How To Build A Chord Progression In 3 Steps
So how do you go about structuring chord progressions? Here's how you can build a chord progression using the major scale.
1. Start With a Scale
To start, you'll want to pick out a scale that aligns with the type of chord progression you're building. In this case, we'll be using a major scale. If we use the key of G major, for example, the scale can be written out as G A B C D E F#.
2. Name Your Chords
Now that you have your scale, it's time to write out your chords for each scale degree in G major. To build your chords, you take the root note and add a third and fifth from the key of G stacked on top of that note. For instance, G major is spelled out as G B D which is the I chord.
The ii chords would be A C E (using the notes provided in the key of G major), creating A minor. Altogether, the chords of the key of G major would be as follows: G major, A minor, B minor, C major, D major, E minor, and F# diminished.

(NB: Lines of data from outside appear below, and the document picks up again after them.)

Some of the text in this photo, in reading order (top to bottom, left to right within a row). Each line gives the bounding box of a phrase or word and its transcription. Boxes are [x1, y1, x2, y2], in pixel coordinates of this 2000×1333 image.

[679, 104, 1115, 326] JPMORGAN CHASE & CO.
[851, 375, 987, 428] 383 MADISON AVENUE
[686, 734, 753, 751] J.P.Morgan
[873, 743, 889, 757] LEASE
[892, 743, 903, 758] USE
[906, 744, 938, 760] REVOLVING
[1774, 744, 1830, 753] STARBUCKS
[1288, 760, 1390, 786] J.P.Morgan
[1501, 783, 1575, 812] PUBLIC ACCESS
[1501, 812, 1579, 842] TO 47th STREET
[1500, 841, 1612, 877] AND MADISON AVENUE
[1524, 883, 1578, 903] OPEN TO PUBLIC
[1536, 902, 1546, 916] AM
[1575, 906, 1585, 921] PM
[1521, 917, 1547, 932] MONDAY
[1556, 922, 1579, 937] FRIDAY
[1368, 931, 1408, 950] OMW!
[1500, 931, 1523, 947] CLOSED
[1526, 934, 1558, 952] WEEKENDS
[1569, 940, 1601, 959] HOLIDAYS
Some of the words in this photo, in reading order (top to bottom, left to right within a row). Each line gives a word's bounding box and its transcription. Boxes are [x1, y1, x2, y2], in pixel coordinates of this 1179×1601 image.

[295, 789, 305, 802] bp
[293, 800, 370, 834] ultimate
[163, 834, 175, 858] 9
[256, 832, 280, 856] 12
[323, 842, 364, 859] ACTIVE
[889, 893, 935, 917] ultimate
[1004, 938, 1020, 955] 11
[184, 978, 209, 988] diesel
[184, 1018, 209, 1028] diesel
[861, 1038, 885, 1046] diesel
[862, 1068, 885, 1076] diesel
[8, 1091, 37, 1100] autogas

You can also look up a chord chart for the key you're working with, like the one shown for the guitar in the key of G.
3. Create A Chord Progression
The challenging part is past. Now, you can utilize your chords from the G major scale to create different chord progressions by mixing and matching three or four chords. If you don't know where to start, work with the I IV V chords since these chords have a strong sonic relationship. Simply mixing and matching the order of these chords can create countless popular chord progressions you've heard in some of your favorite songs.
5 Major Common Chord Progressions
Are you ready to start playing some major chord progressions? Here are a couple of common major chord progressions to get you started.
I IV I V
This classic progression is used in many songs, old and new. You can hear it in tracks like Brenda Lee's Always On My Mind and Twenty One Pilot's Ride :
ii V I
While this progression starts with a minor chord, it's still considered a major chord progression since it's pulling a chord from a major scale. You can hear the sound of this unique progression in Jazzier songs like Satin Doll by Duke Ellington:
I V IV V
This major chord progression is a classic in modern pop music from the past several decades. Hear this killer chord combo in The Beatles' I'm Down :
I IV V
This is a tried and true progression you can find just about anywhere you listen to music. You can hear this progression in classics like Ritchie Valens' La Bamba and Kenny Rogers' The Gambler:
I V vi IV
The I V vi IV progression may be less common than powerhouse combinations of I IV V or VI I V, but it's still heard all across pop music. You can hear this progression in I'm Yours by Jason Mraz and With or Without You by U2:
Major chord progressions are the backbone of modern music as we know it. Hopefully, this guide makes it easier for you to understand the music theory behind these powerful chords and build your own progressions. Have fun making your own major chord progressions!